◆ Exercise objective:
I'd like every entry returned exactly as it is, with the images left out.
:::::
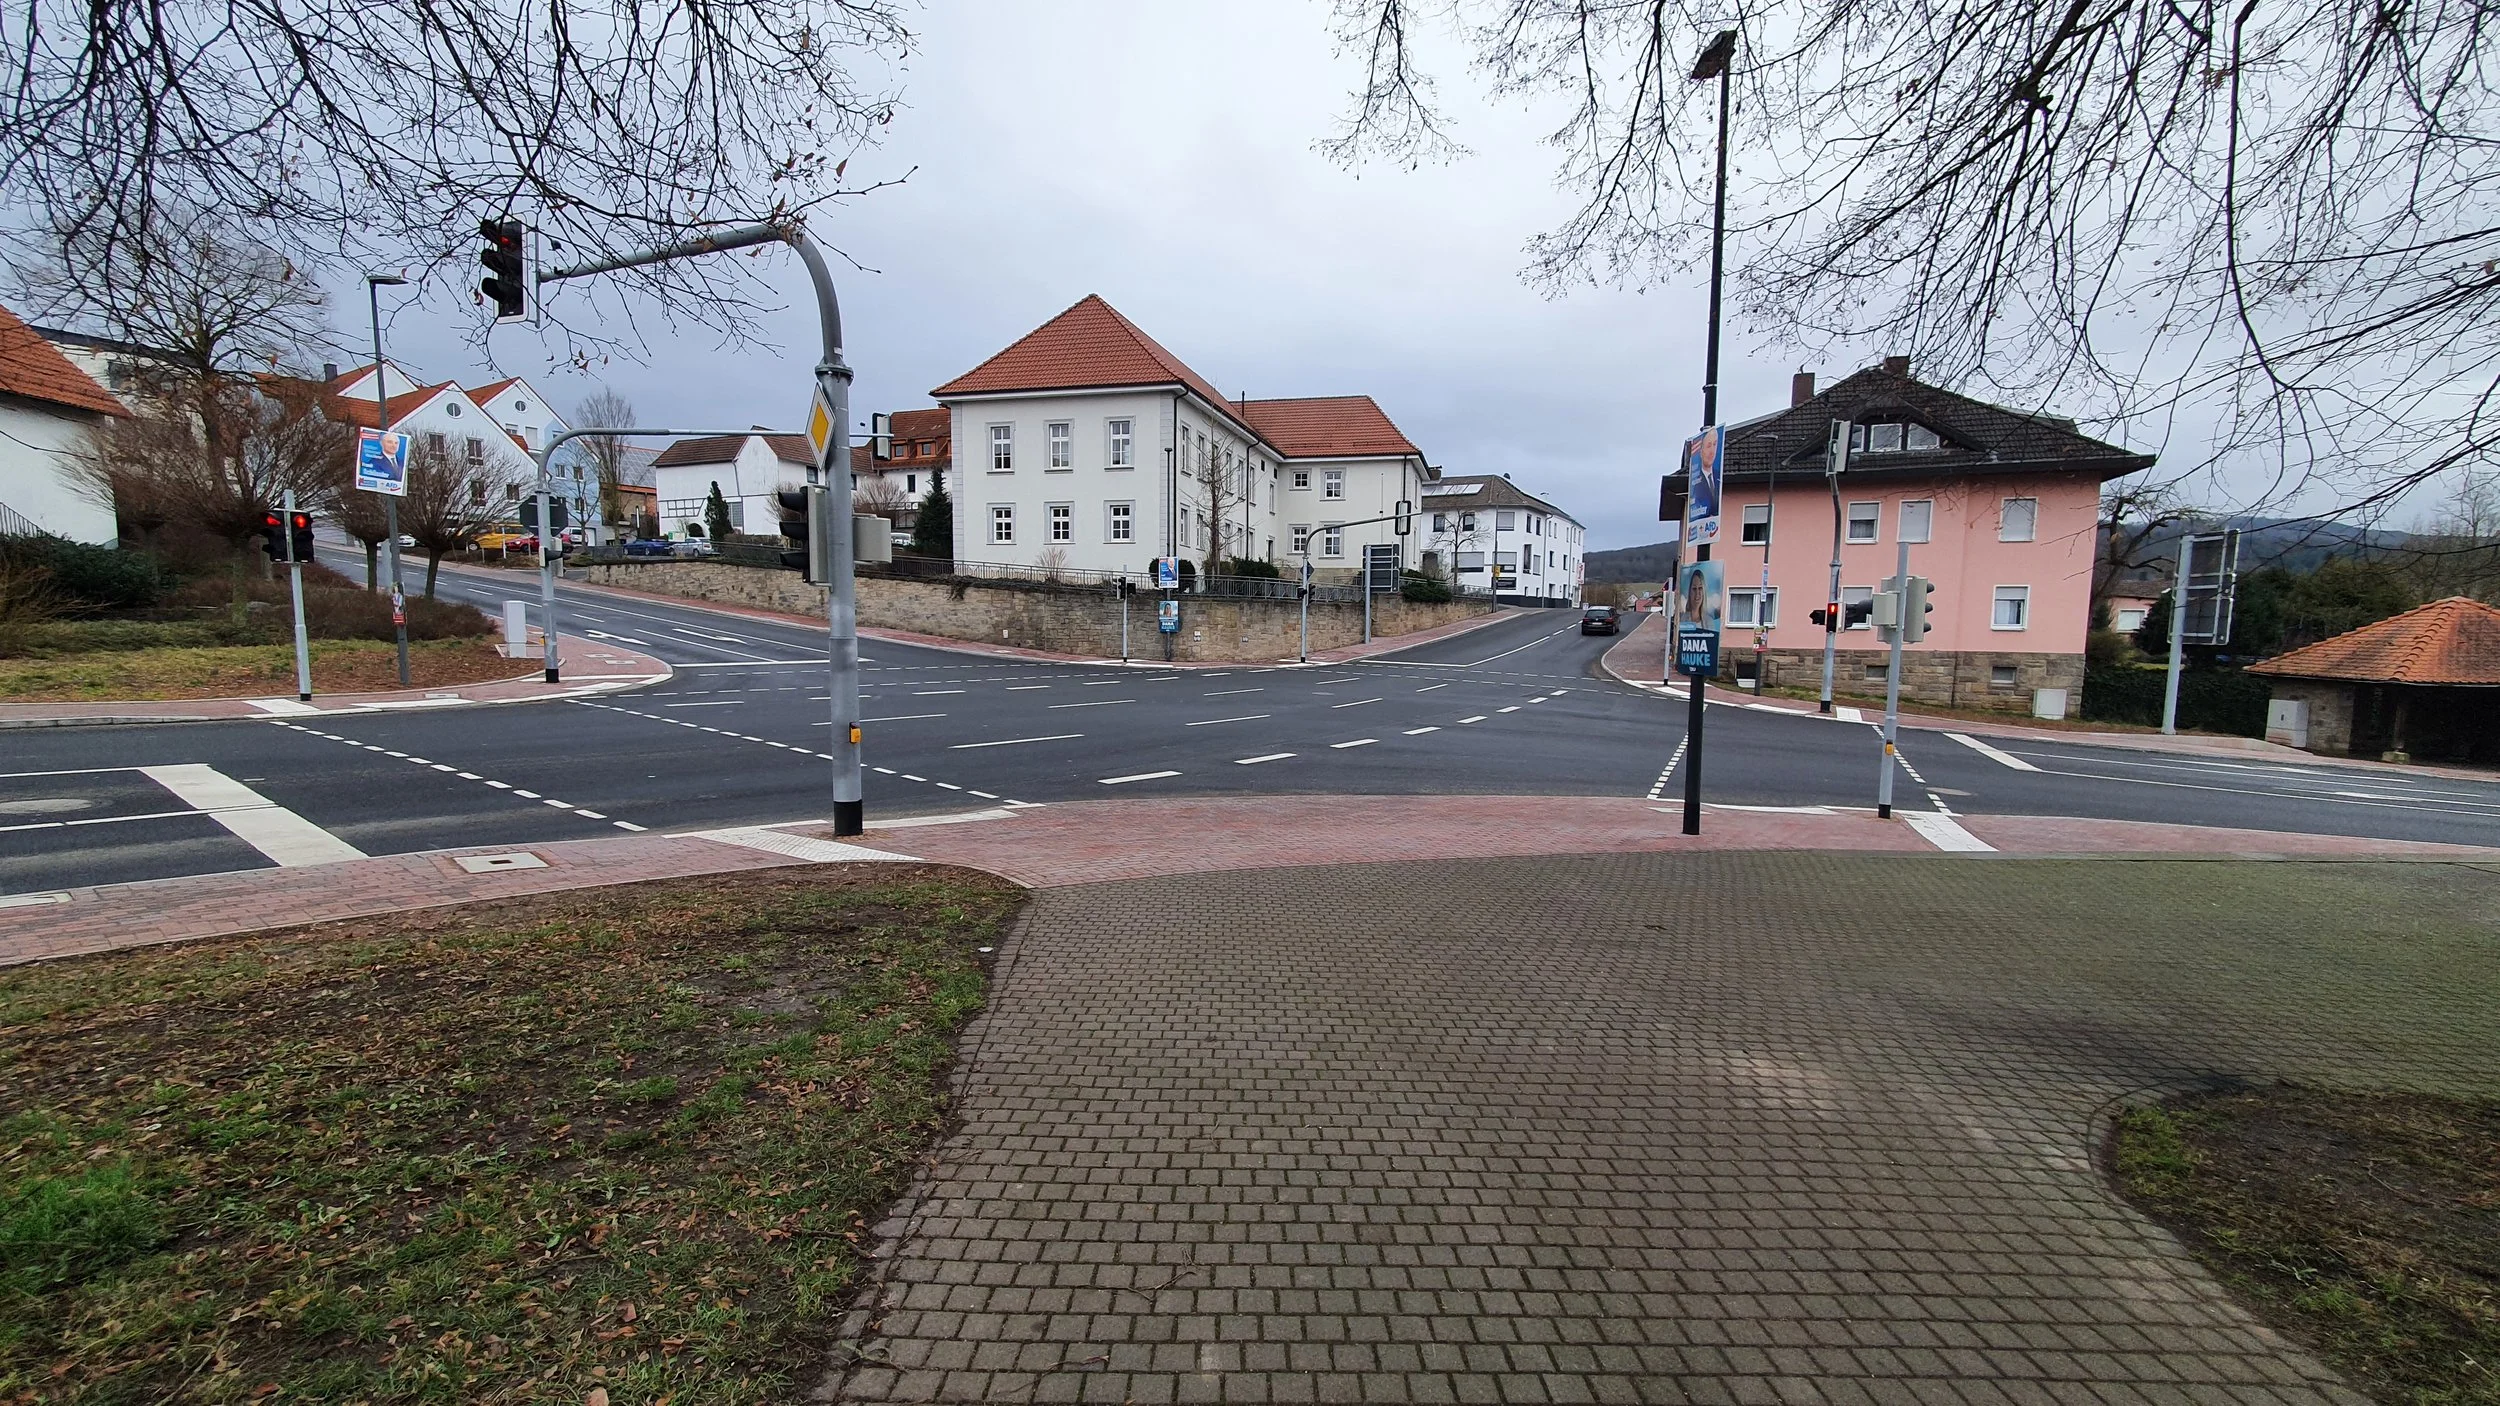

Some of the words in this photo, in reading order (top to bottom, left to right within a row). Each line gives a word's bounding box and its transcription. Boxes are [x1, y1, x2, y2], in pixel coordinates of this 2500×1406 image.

[1704, 521, 1717, 533] AfD
[1682, 639, 1708, 653] DANA
[1681, 653, 1711, 667] HAUKE
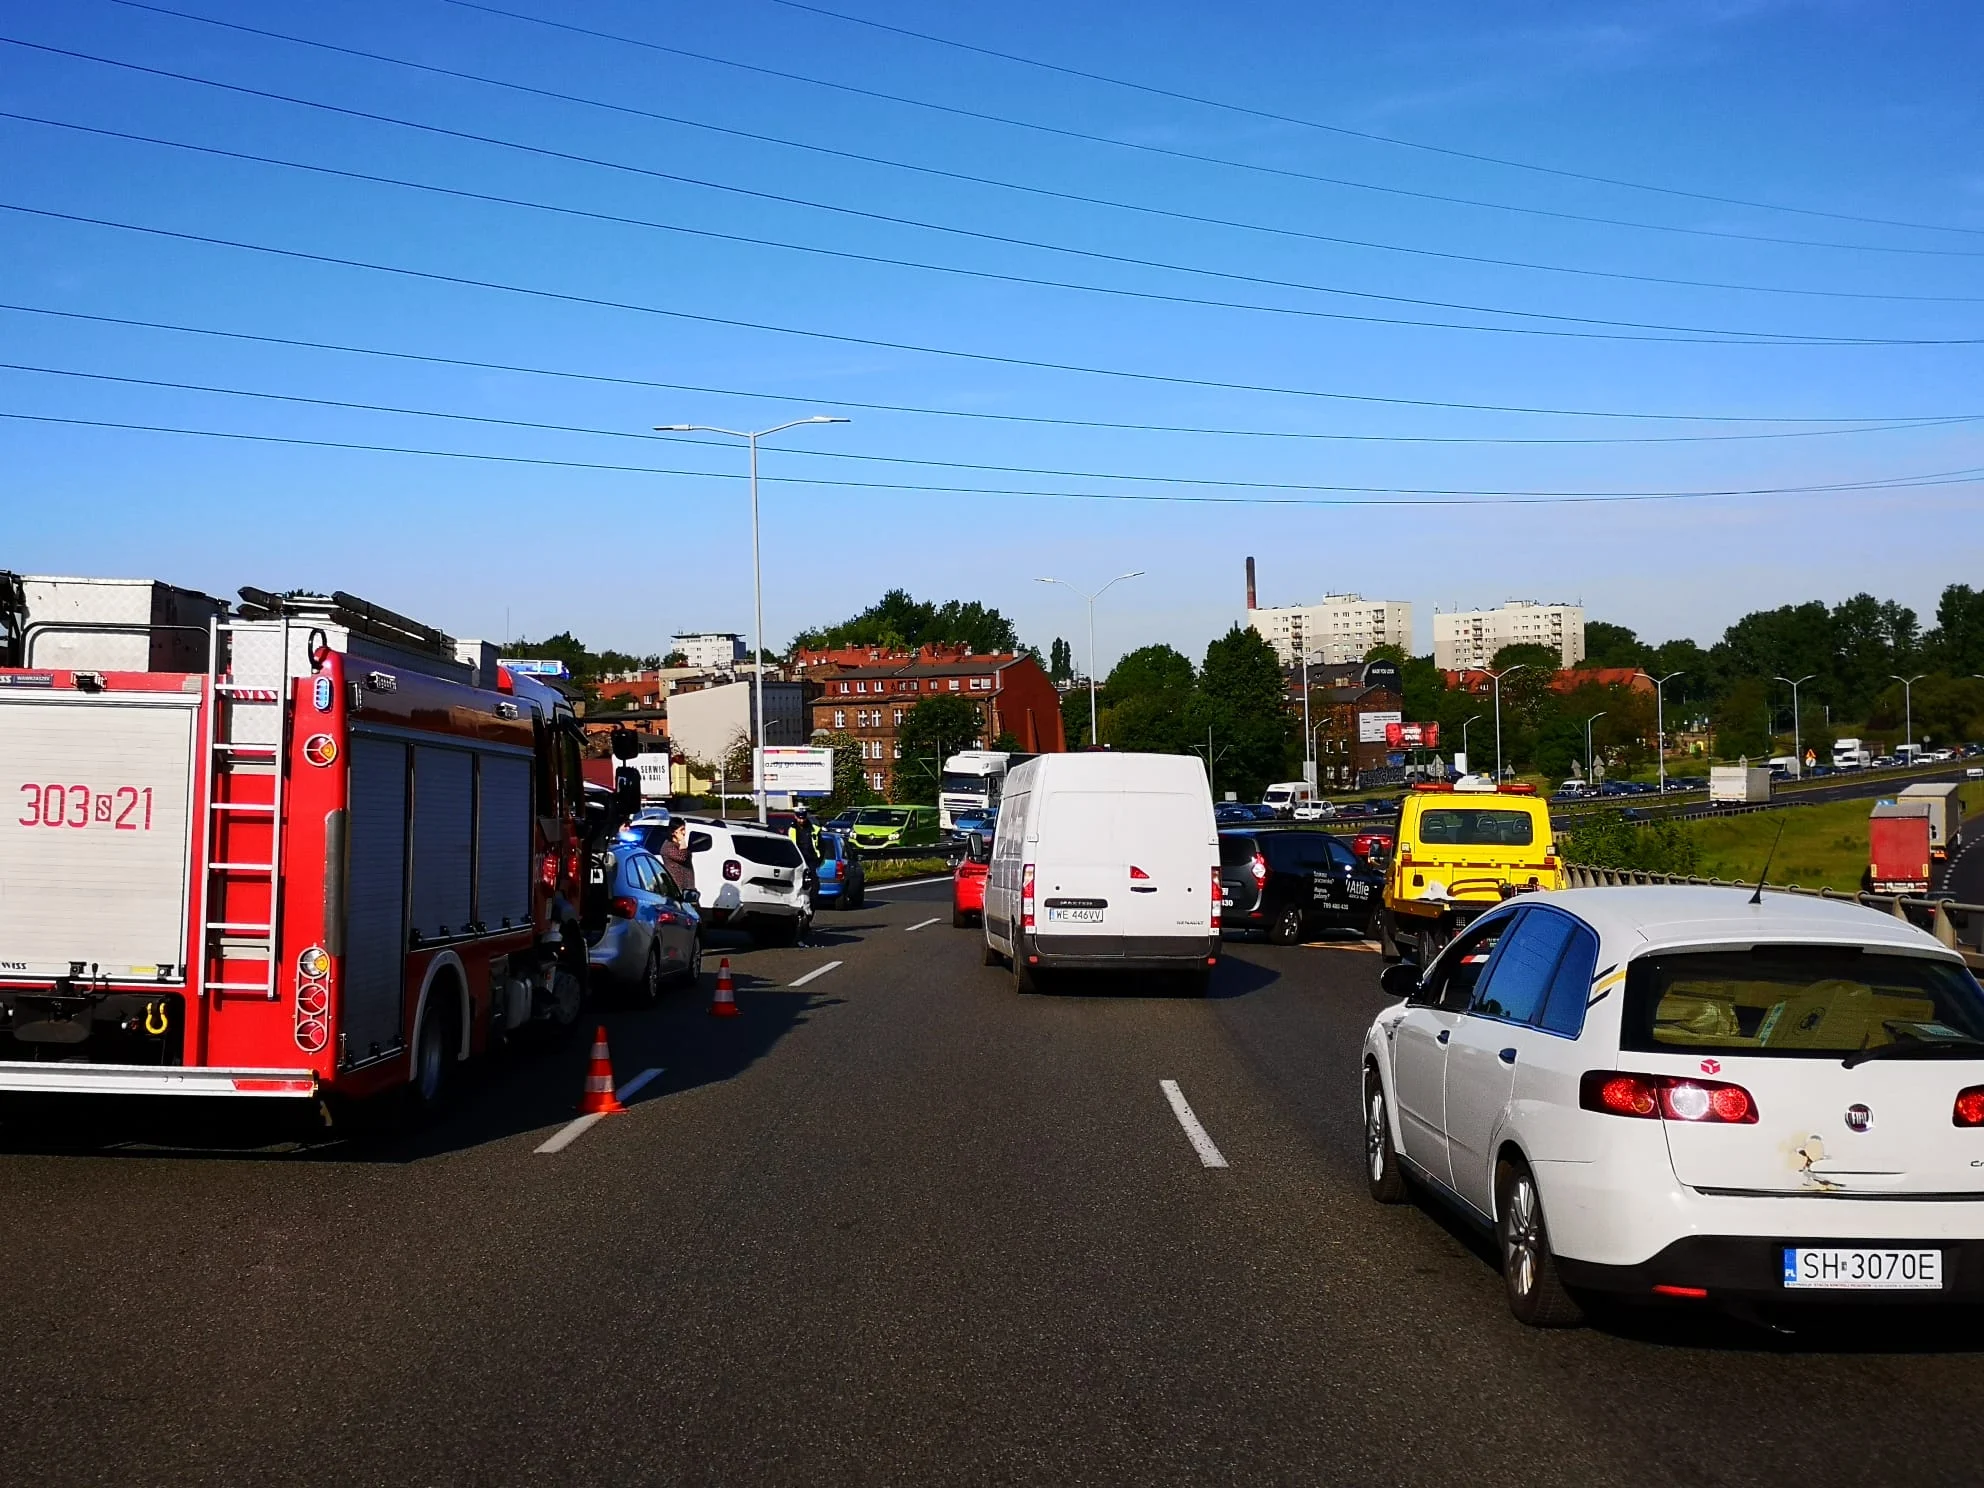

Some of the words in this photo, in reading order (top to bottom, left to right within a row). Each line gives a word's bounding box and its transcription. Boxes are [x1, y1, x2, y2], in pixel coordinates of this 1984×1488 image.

[640, 765, 666, 774] SERWIS
[1056, 910, 1069, 920] WE
[1803, 1252, 1838, 1279] SH
[1852, 1253, 1934, 1280] 3070E
[1785, 1268, 1796, 1277] PL
:::::
◆ Response to this exercise:
Some of the words in this photo, in reading order (top to bottom, left to right within a row). Each line gives a word's bounding box and its transcription. Boxes are [x1, y1, x2, y2], in pixel coordinates of this 2500×1406 image.

[1704, 521, 1717, 533] AfD
[1682, 639, 1708, 653] DANA
[1681, 653, 1711, 667] HAUKE

Some of the words in this photo, in reading order (top to bottom, left to right within a row). Each line gives a word's bounding box and its transcription. Boxes are [x1, y1, x2, y2], in pixel coordinates of this 1984×1488 image.

[640, 765, 666, 774] SERWIS
[1056, 910, 1069, 920] WE
[1803, 1252, 1838, 1279] SH
[1852, 1253, 1934, 1280] 3070E
[1785, 1268, 1796, 1277] PL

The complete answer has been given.